DATA Block Start

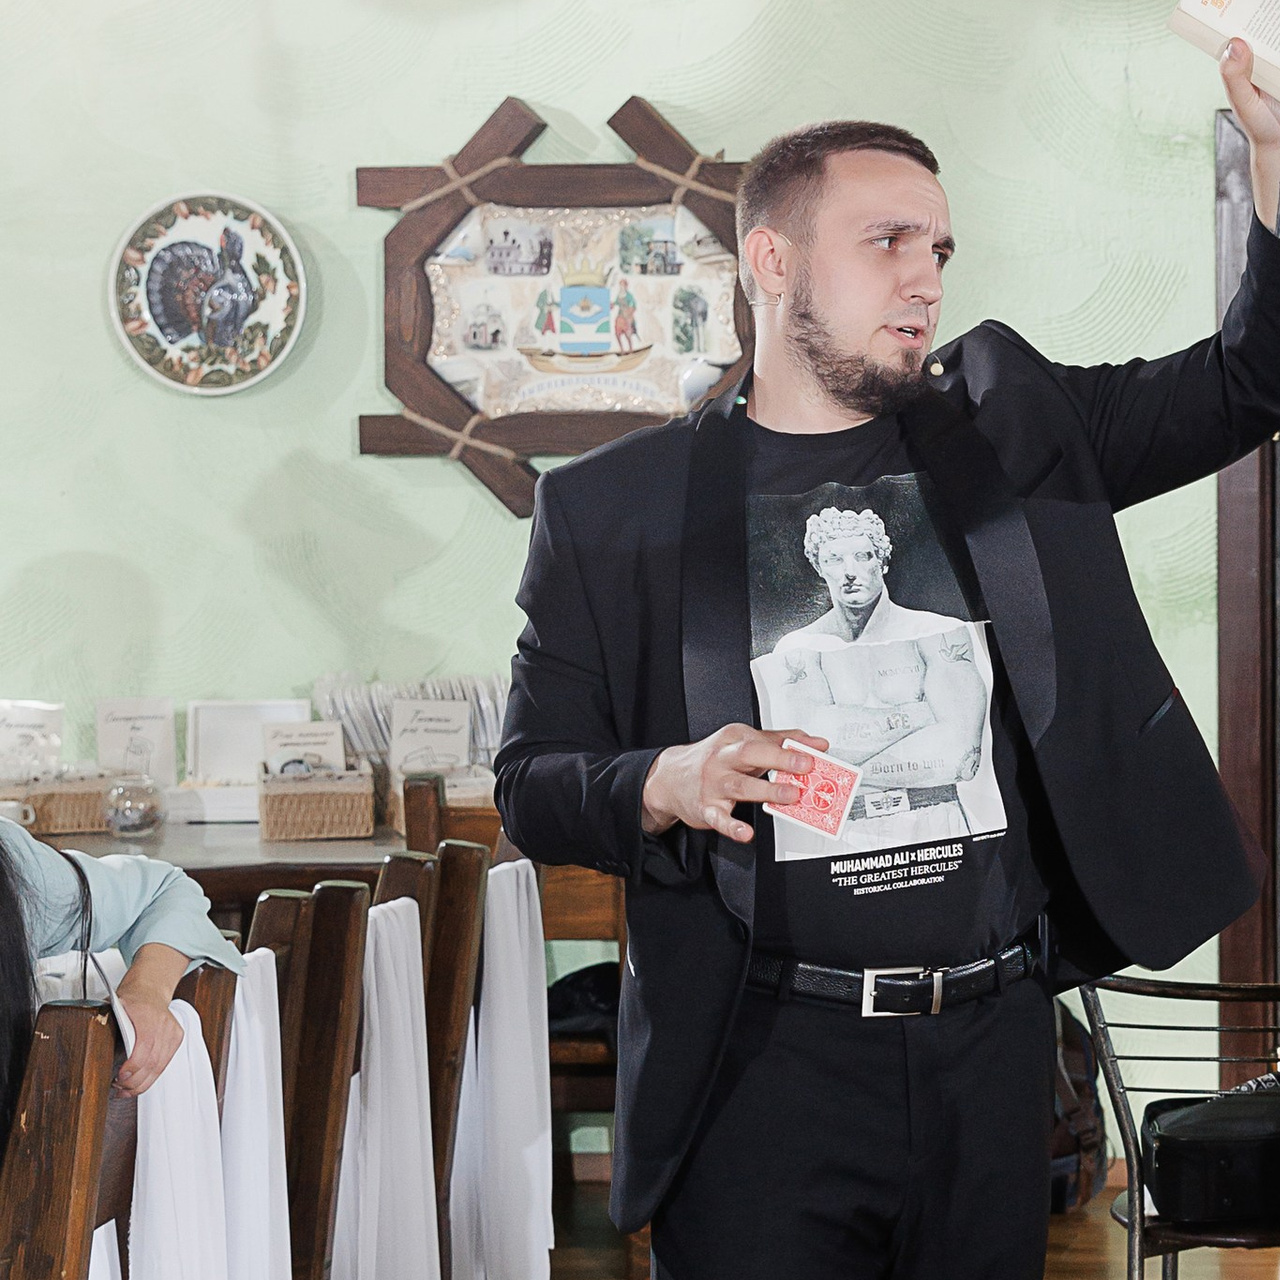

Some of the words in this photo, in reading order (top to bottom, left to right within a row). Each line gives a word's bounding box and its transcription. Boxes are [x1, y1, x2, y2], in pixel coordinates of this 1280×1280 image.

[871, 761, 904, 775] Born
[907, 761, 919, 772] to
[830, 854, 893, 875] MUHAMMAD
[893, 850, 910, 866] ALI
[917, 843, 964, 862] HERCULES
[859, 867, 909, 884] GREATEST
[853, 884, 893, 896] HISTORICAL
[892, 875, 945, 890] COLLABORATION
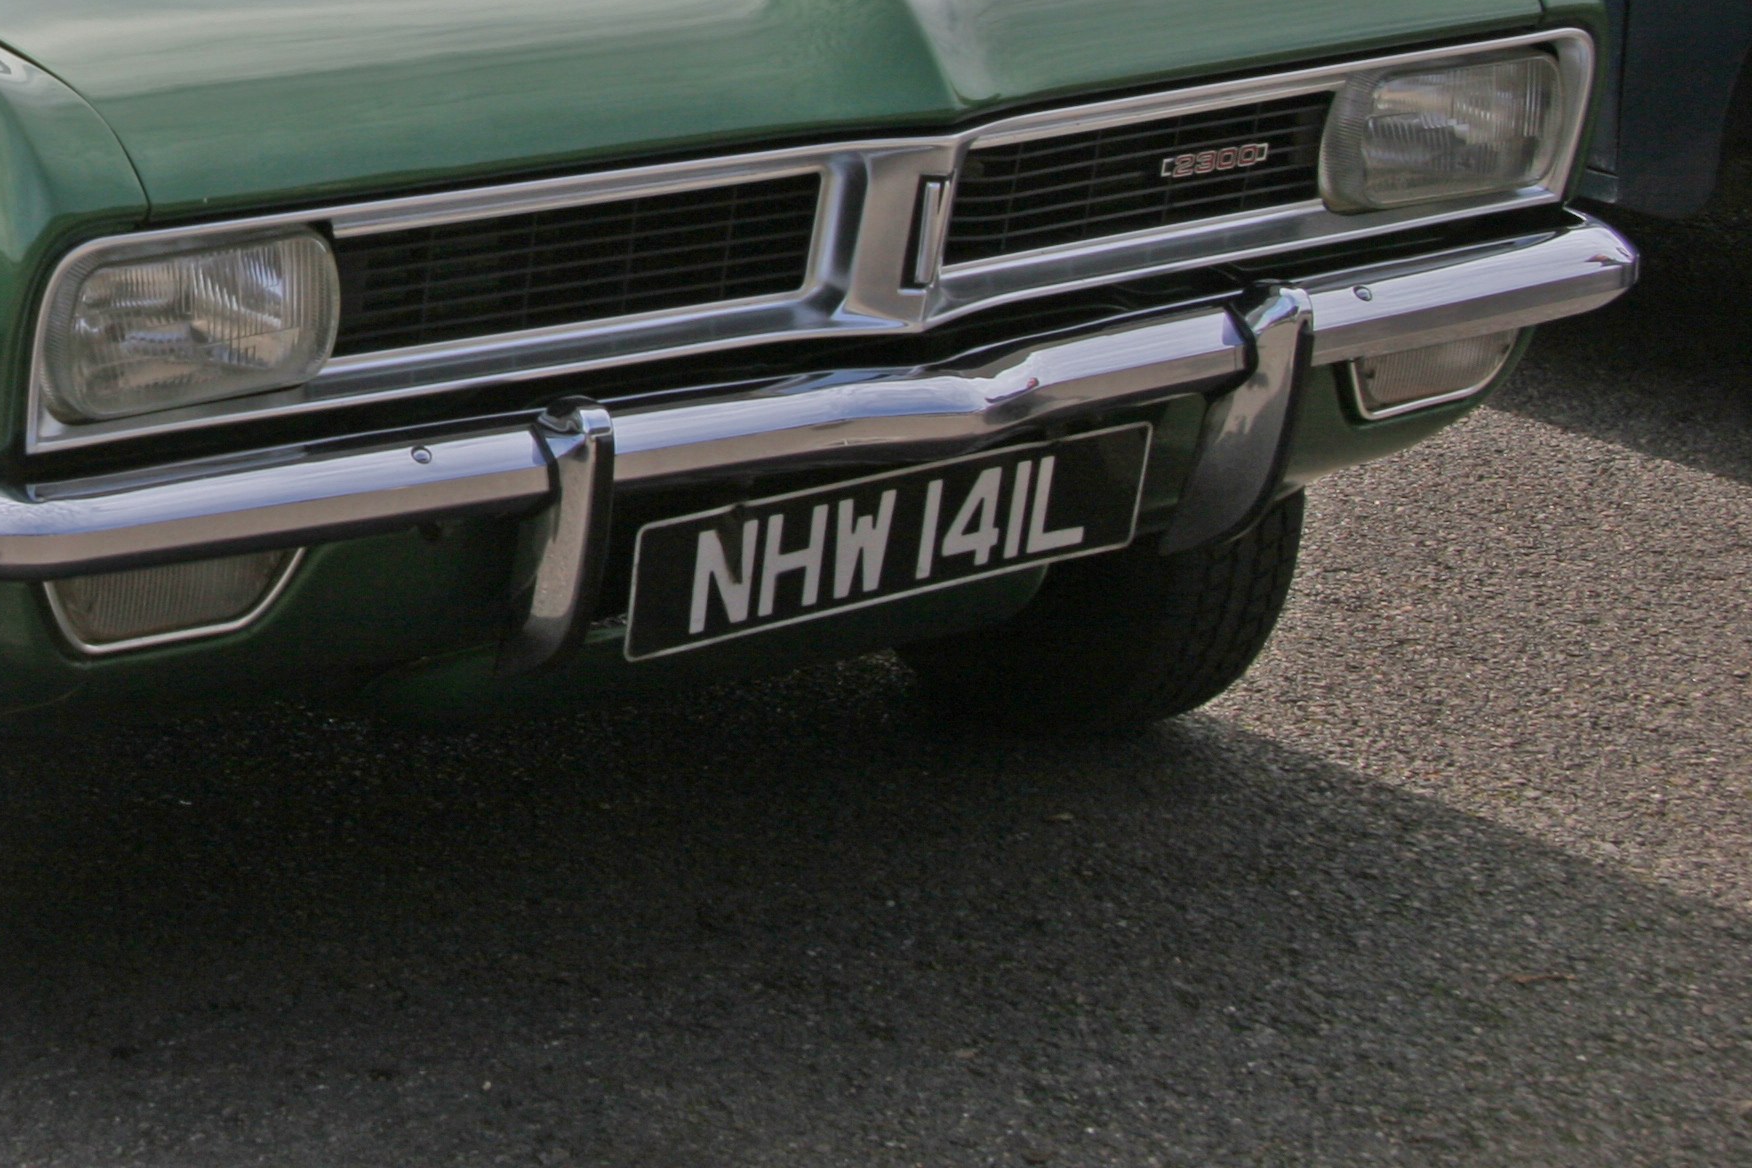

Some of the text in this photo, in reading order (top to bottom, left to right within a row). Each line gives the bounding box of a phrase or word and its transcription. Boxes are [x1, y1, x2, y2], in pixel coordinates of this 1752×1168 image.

DATA Block End
DATA Block Start

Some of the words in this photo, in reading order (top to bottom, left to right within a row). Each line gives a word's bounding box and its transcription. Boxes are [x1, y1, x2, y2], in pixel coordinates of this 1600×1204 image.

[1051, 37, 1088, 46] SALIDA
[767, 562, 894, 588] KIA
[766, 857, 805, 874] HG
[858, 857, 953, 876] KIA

DATA Block End

== EXERCISE DIRECTIONS ==
Starting at the line containing "this 1280×1280 image." and stopping at the line containing "Some of the text", output every line above exactly, both ends included, with pictures omitted.

== REPLY ==
Some of the words in this photo, in reading order (top to bottom, left to right within a row). Each line gives a word's bounding box and its transcription. Boxes are [x1, y1, x2, y2], in pixel coordinates of this 1280×1280 image.

[871, 761, 904, 775] Born
[907, 761, 919, 772] to
[830, 854, 893, 875] MUHAMMAD
[893, 850, 910, 866] ALI
[917, 843, 964, 862] HERCULES
[859, 867, 909, 884] GREATEST
[853, 884, 893, 896] HISTORICAL
[892, 875, 945, 890] COLLABORATION

Some of the text in this photo, in reading order (top to bottom, left to right within a row). Each line gives the bounding box of a phrase or word and its transcription. Boxes are [x1, y1, x2, y2], in pixel coordinates of this 1752×1168 image.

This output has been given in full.